Creative Nerve
Creative Nerve: What It’s Really Like to Start a Business
Could we go faster, please? I’m an act-now person in a wait-a-minute world. And I have to say that the amount of time it takes to get other people moving just about kills me.
Because starting this business of mine requires input, decisions and actions from so many, I frequently end up on the strategic equivalent of hold while those guys get around to getting around to getting back to me.
Take yesterday. I had messages and questions in with at least a dozen people: writers I’m trying to recruit, artists whose work I’d like to have submitted to our shop, advertising folks, tech experts. I need to hear from them so I can take my next steps, resolve issues, keep things going. Not one of them got in touch.
Of course, I know they’re probably being held up by dozens of other not-getting-to-it people – or chores or other problems – in their own lives, so it’s not as if I blame them, exactly. But I do constantly feel as if my feet have been encased in lead weights.
I can clearly see where I need to go and what I have to accomplish and I can’t budge. It’s agonizing.

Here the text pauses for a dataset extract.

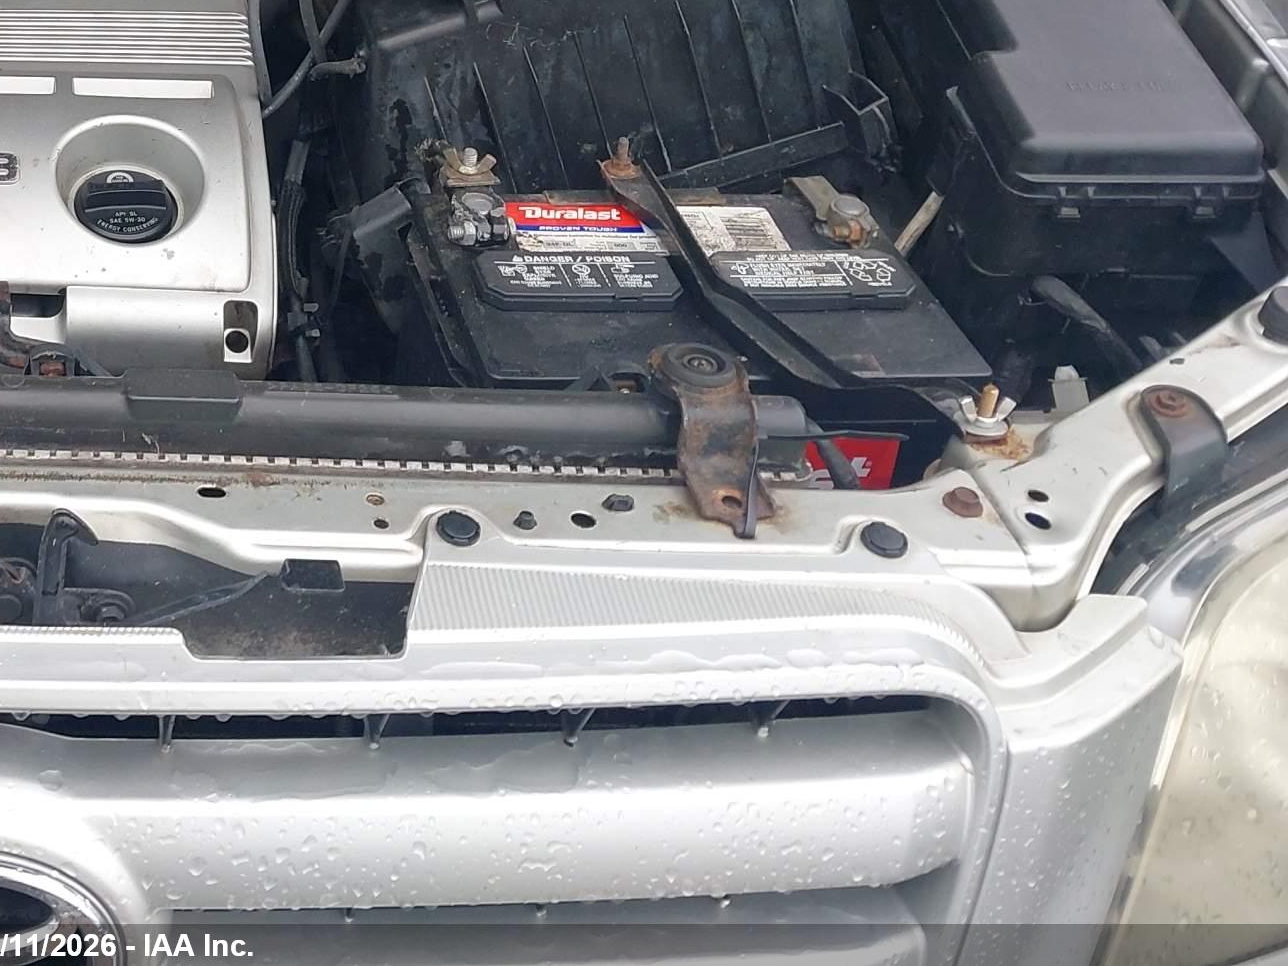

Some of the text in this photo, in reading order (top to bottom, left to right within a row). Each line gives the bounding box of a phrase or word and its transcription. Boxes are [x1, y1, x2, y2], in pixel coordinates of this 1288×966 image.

The only way I’ve found to deal with that is to find other tasks to start. By the time those stall out, there’s likely to be some movement in one of the earlier situations I was hoping to deal with the week before.
And so things creep forward. I take deep breaths and try to lower my heart rate. But there are plenty of days when I think the answer to our national energy problems is to replace oil with the steam generated by my frustration.
That would solve my capitalization problems, too.